2018-07-15 Thread Robert Talda

Zoltan:
 Finally get a chance to answer you.  I :think: I understand what you are 
getting at…

 First, some numbers - recalling that each of these nodes is one storage device:
Node1: 358,000,000+ files totalling 430 TB of primary occupied space
Node2: 302,000,000+ files totaling 82 TB of primary occupied space
Node3: 79,000,000+ files totaling 75 TB of primary occupied space
Node4: 1,000,000+ files totalling 75 TB of primary occupied space
Node5: 17,000,000+ files totalling 42 TB of  primary occupied space
  There are more, but I think this answers your initial question.

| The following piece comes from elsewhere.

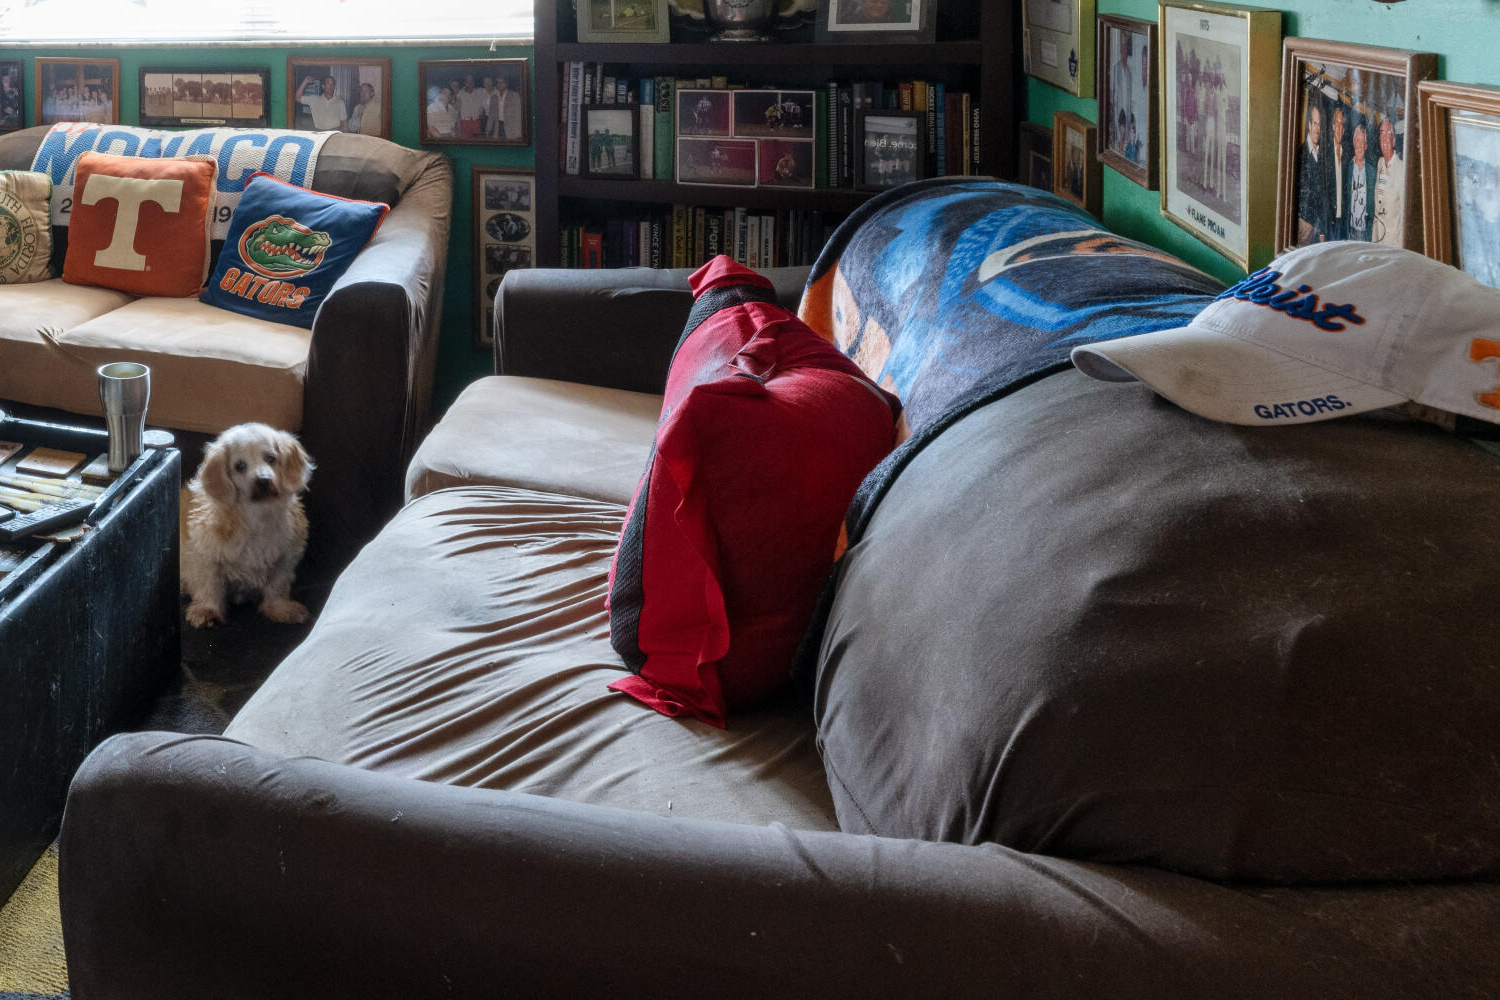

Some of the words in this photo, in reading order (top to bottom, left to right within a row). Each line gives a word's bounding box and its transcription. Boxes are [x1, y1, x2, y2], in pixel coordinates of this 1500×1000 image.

 Restore requests are handled by the local system admin or, for lack of a 
better description, data admin.  (Basically, the research area has a person 
dedicated to all the various data issues related to research grants, from 
including proper verbiage in grant requests to making sure the necessary 
protections are in place). 

  We try to make it as simple as we can, because we do concentrate all the data 
in one node per storage device (usually a NAS).  So restores are usually done 
directly from the node - while all backups are done through proxies.  
Generally, the restores are done without permissions so that the appropriate 
permissions can be applied to the restored data.  (Oft times, the data is 
restored so a different user or set of users can work with it, so the original 
permissions aren’t useful)

  There are some exceptions - of course, as we work at universities, there are 
always exceptions - and these we handle as best we can by providing proxy nodes 
with restricted priviledges.

  Let me know if I can provide more,
Bob

Robert Talda
EZ-Backup Systems Engineer
Cornell University
+1 607-255-8280
r...@cornell.edu

> On Jul 11, 2018, at 3:59 PM, Zoltan Forray  wrote:
> 
> Robert,
> 
> Thanks for the insight/suggestions.  Your scenario is similar to ours but
> on a larger scale when it comes to the amount of data/files to process,
> thus the issue (assuming such since you didn't list numbers).  Currently we
> have 91 ISILON nodes totaling 140M objects and 230TB of data. The largest
> (our troublemaker) has over 21M objects and 26TB of data (this is the one
> that takes 4-5 days).  dsminstr.log from a recently finished run shows it
> only backed up 15K objects.
> 
> We agree that this and other similarly larger nodes need to be broken up
> into smaller/less objects to backup per node.  But the owner of this large
> one is balking since previously this was backed up via a solitary Windows
> server using Journaling so everything finished in a day.
> 
> We have never dealt with proxy nodes but might need to head in that
> direction since our current method of allowing users to perform their own
> restores relies on the now deprecated Web Client.  Our current method is
> numerous Windows VM servers with 20-30 nodes defined to each.
> 
> How do you handle restore requests?
> 
> On Wed, Jul 11, 2018 at 2:56 PM Robert Talda  wrote:
>

Re: Looking for suggestions to deal with large backups not completing in 24-hours

2018-07-11 Thread Grant Street

Hey Zoltan

Key points for backing up isilon:
1 Each isilon node is limited by it's CPU/protocol rather than Networking 
(other than the new G6 F800's )
2 To increase throughput to/from isilon increase the number isilon nodes you 
access via your clients
3 To increase the isilon nodes you access you can either mount the storage 
multiple times from the same client using a different IP, or use TSM proxies.
4 Increase resource utilisation to 10 (max) to increase parallelisation
5 Increase the Max num mount points to be bigger than the number of client 
machines X the resource utilization X the number of SP clients you run per 
client machine. This ensures each session is actively working and not waiting 
for a mount point.
6 Size your Disk storage pool files so that you can have at least 2 X max num 
of mount points. This is so that should you fill your disk storage pool you do 
not have lock contention between migration and backup. Ideally you should have 
enough disk pool storage to do a single run .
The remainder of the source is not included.